Il souligne le risque d’appauvrissement que peut générer un emprunt lexical trop exclusif à une seule langue, en l’occurrence, actuellement, l’anglo-américain. Certains anglicismes viennent remplacer plusieurs termes préexistants en français : ils deviennent alors superflus et empêchent une pensée précise. Or, lorsque le lexique se réduit drastiquement ou est manipulé, la pensée s’appauvrit… Comme le décrit George Orwell dans 1984 avec la novlangue, ou comme l’a si bien étudié Victor Klemperer dans LTI, la langue du IIIe Reich. Cela devient un instrument destructeur de l’intelligence et de l’esprit critique.

Nous n’en sommes pas là, mais on voit bien comment certains populistes cultivent cet appauvrissement de l’esprit pour faire avaler des couleuvres de fausses informations qui défient tout bon sens et dénient la réalité.

Julien Soulié explique comment, pour aller plus vite, on préfère la simplification, « l’effacement de la complexité » : « Plutôt que de s’élever vers la difficulté, on préfère la supprimer. » Dans notre société où l’instantanéité et la vitesse priment, la tentation est grande de se laisser emporter par ce courant et de ne plus prendre le temps de la réflexion lente, du dialogue, du débat. « Pour construire une pensée, il faut employer des mots nuancés, maîtriser des structures linguistiques… Se couper de certaines règles de français comme de son histoire, c’est ne plus comprendre le monde d’aujourd’hui. »

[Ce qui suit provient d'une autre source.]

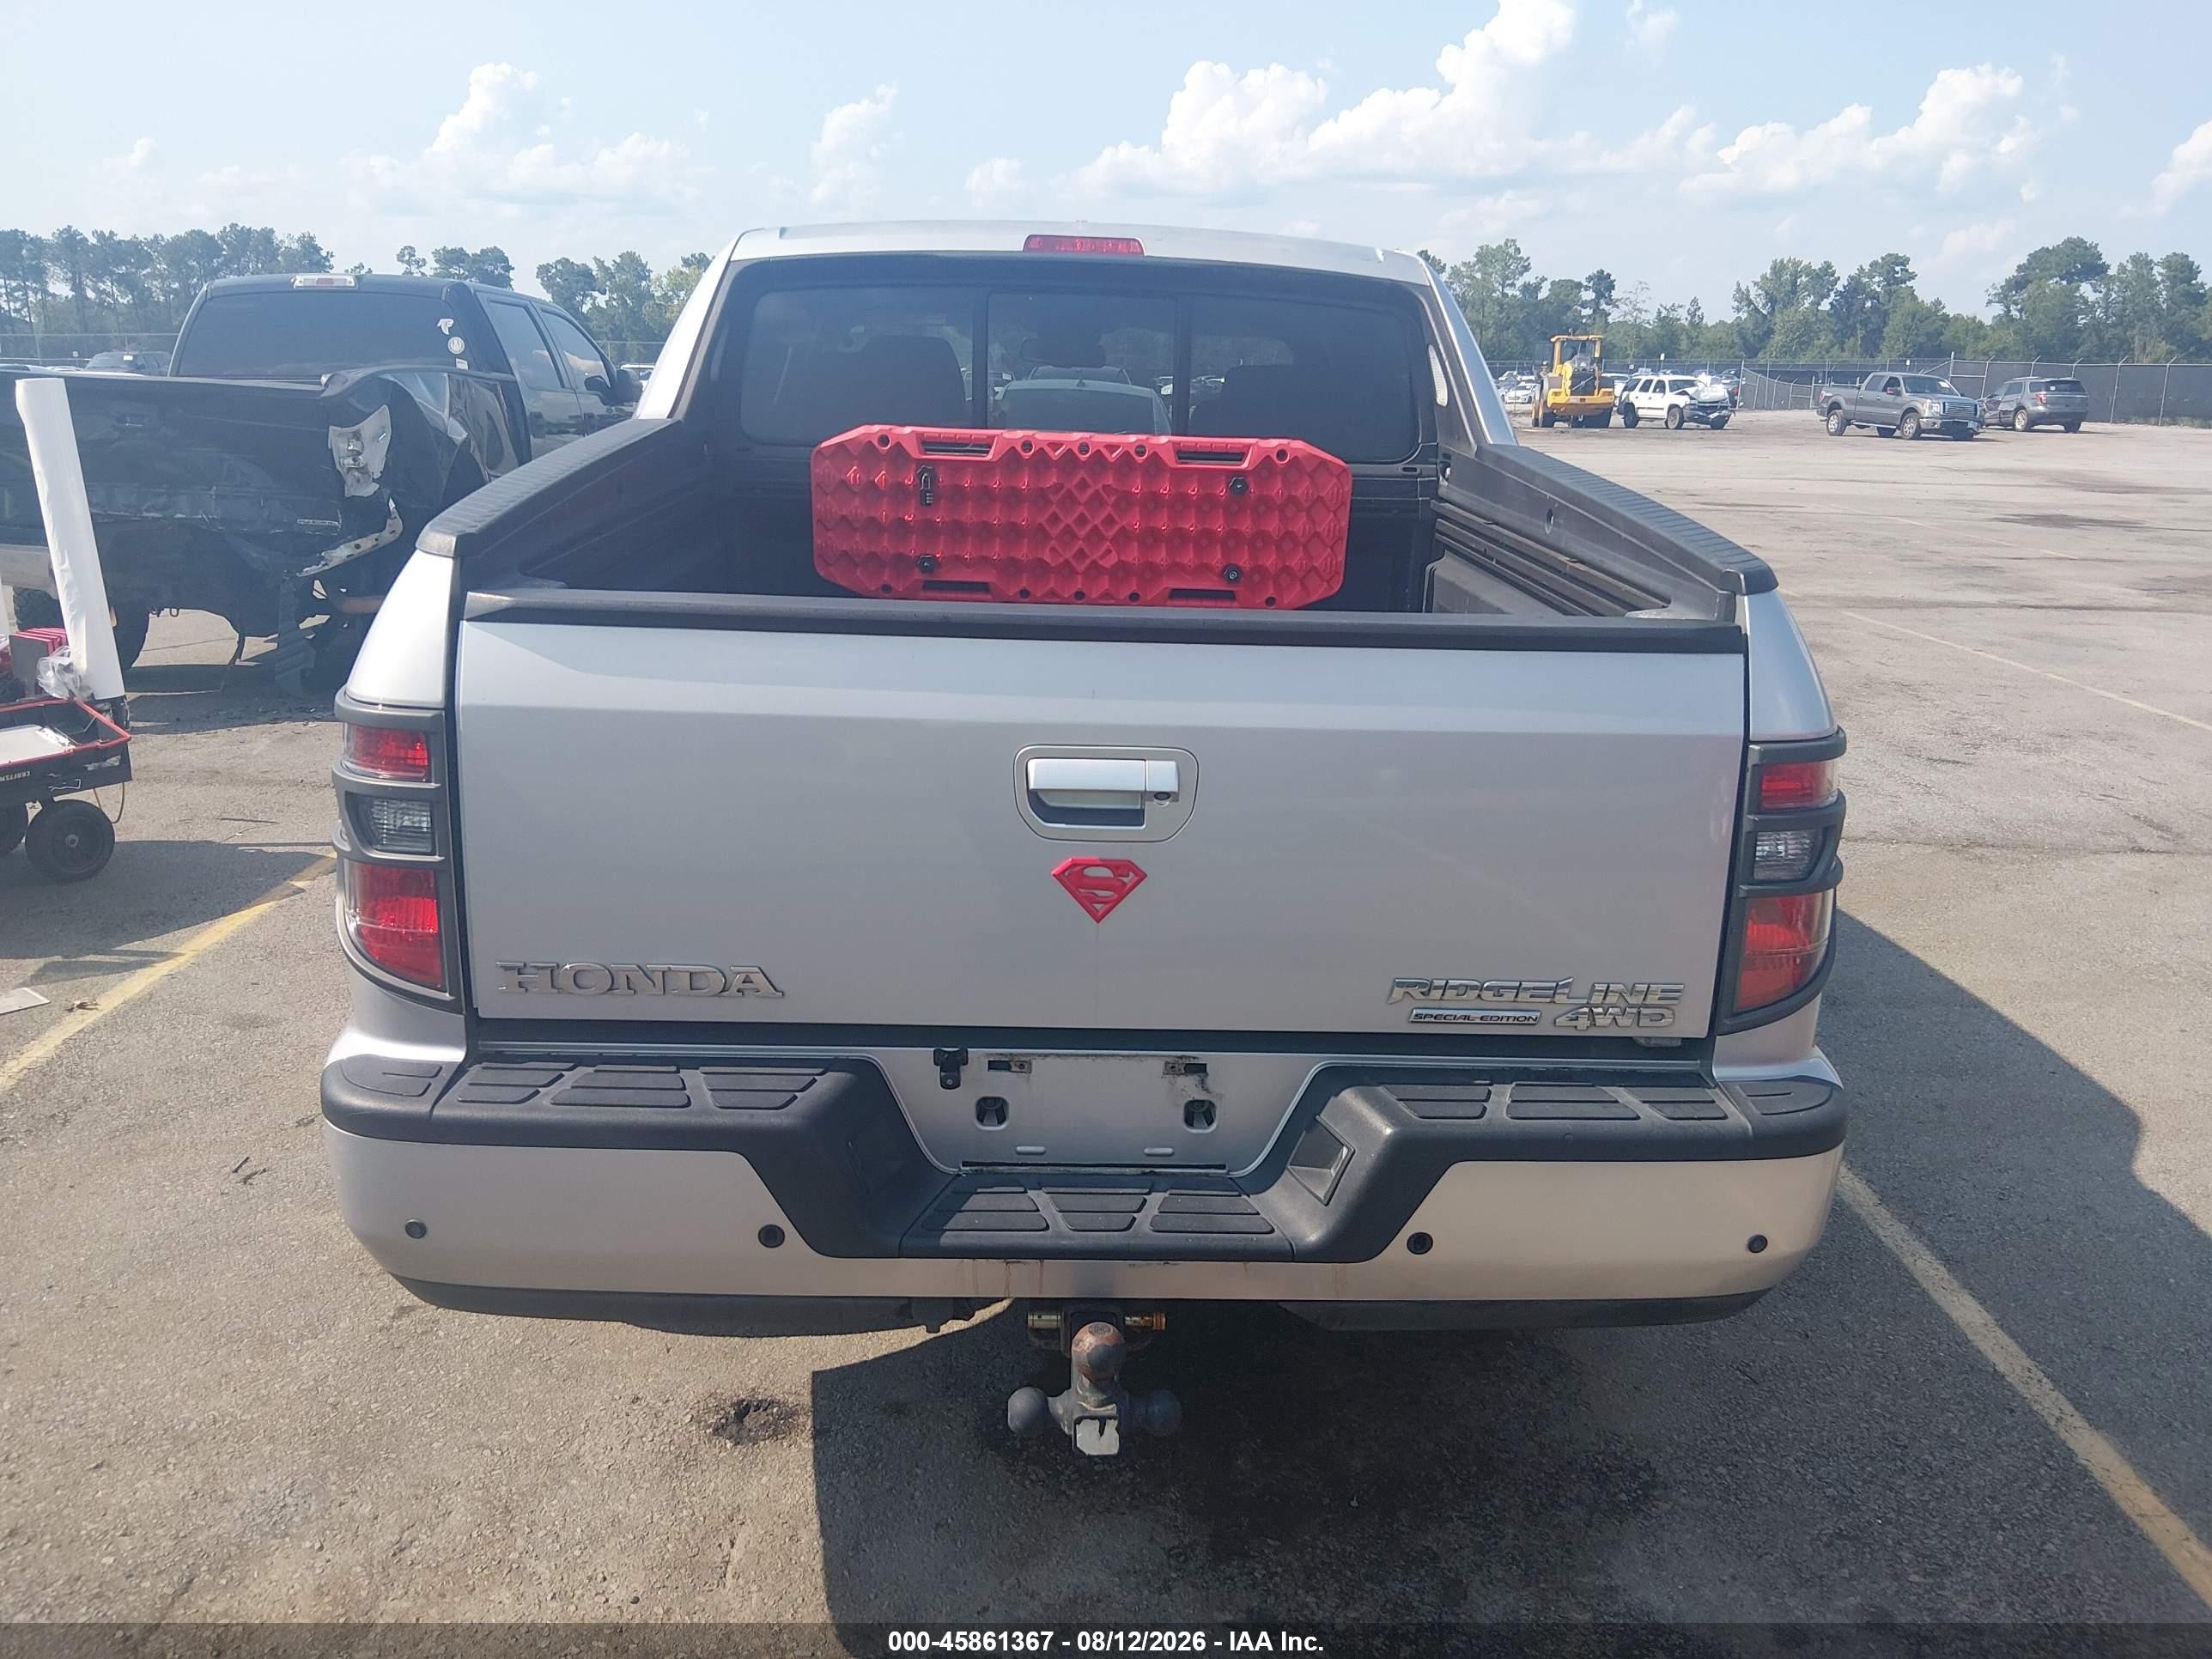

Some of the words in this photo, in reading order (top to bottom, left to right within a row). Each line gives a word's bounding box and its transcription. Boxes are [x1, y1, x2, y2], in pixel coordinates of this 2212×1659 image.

[495, 961, 784, 997] HONDA
[1387, 976, 1685, 1005] RIDGELINE
[1555, 1006, 1675, 1030] 4WD
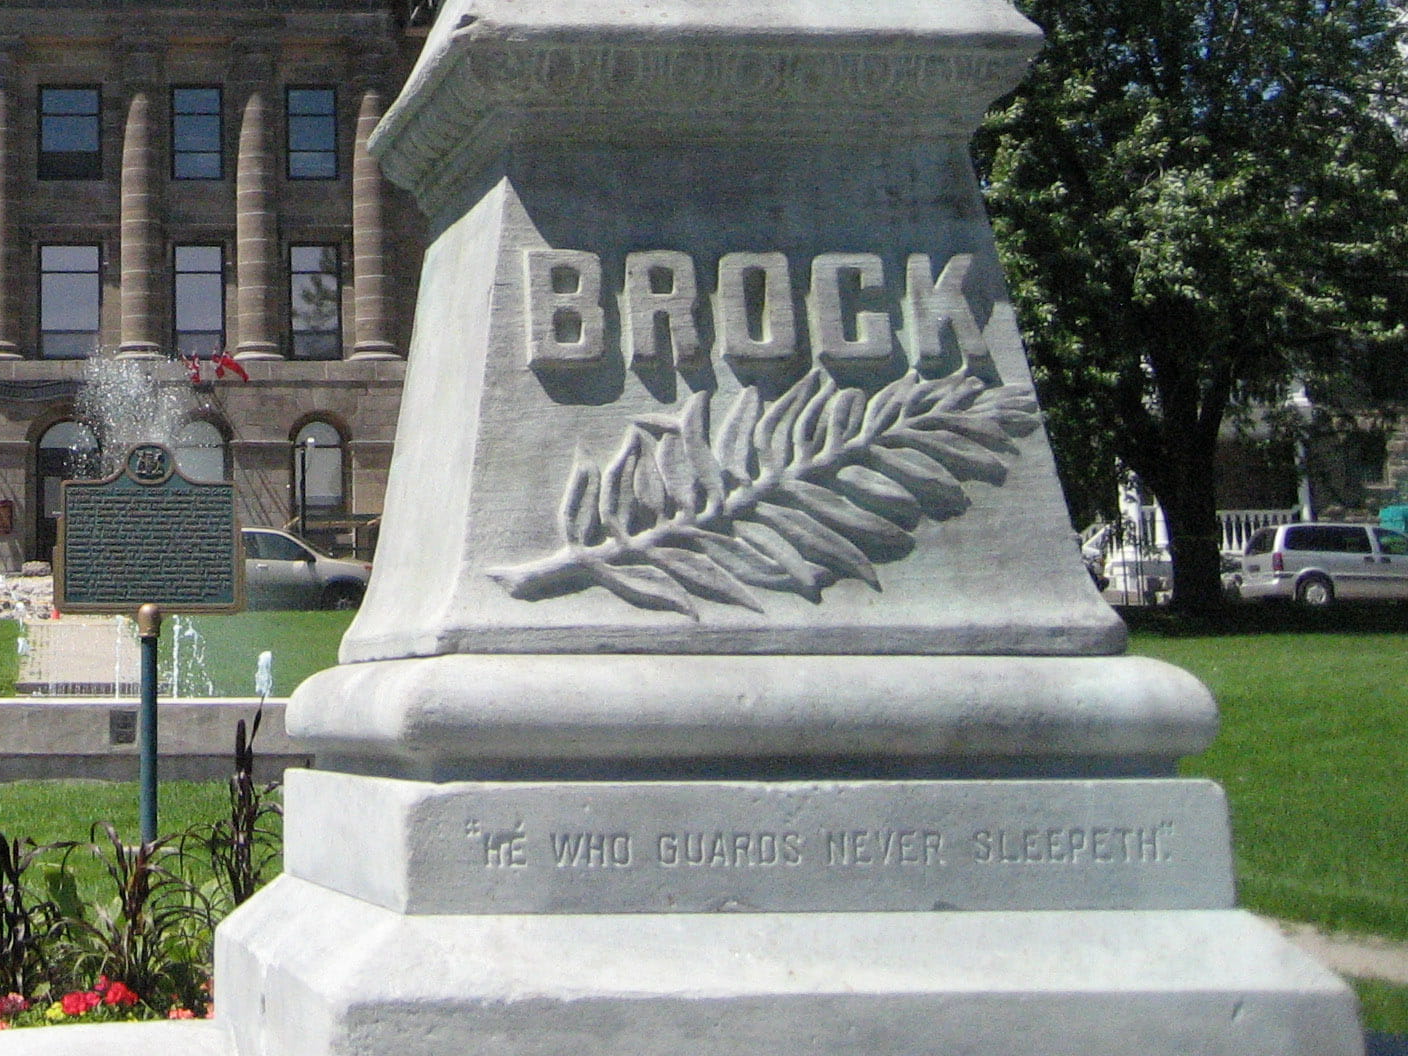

L’usage décidera, bien évidemment, de l’évolution inévitable et indispensable de la langue française, mais veillons à entretenir la curiosité pour notre langue, apprenons à la redécouvrir, enrichissons l’expression pour affiner une pensée éclairée et critique.


Marie-Christine Montesquat

* À lire également sur ce sujet :

– Jean-Pierre Colignon, L’Orthographe, c’est logique !, éd. Albin Michel (2003), qui explique de manière très concrète l'origine de certains mots, en s’appuyant notamment sur leur étymologie ;

– Jean-Loup Chiflet, Dictionnaire amoureux de la langue française, éd. Plon : l’auteur aborde les mots avec de belles touches d’humour ;

– pour les passionnés, l’incontournable et monumental Dictionnaire historique de la langue française, sous la dir. d’Alain Rey, éd. Le Robert, qui détaille l’histoire de 60 000 mots.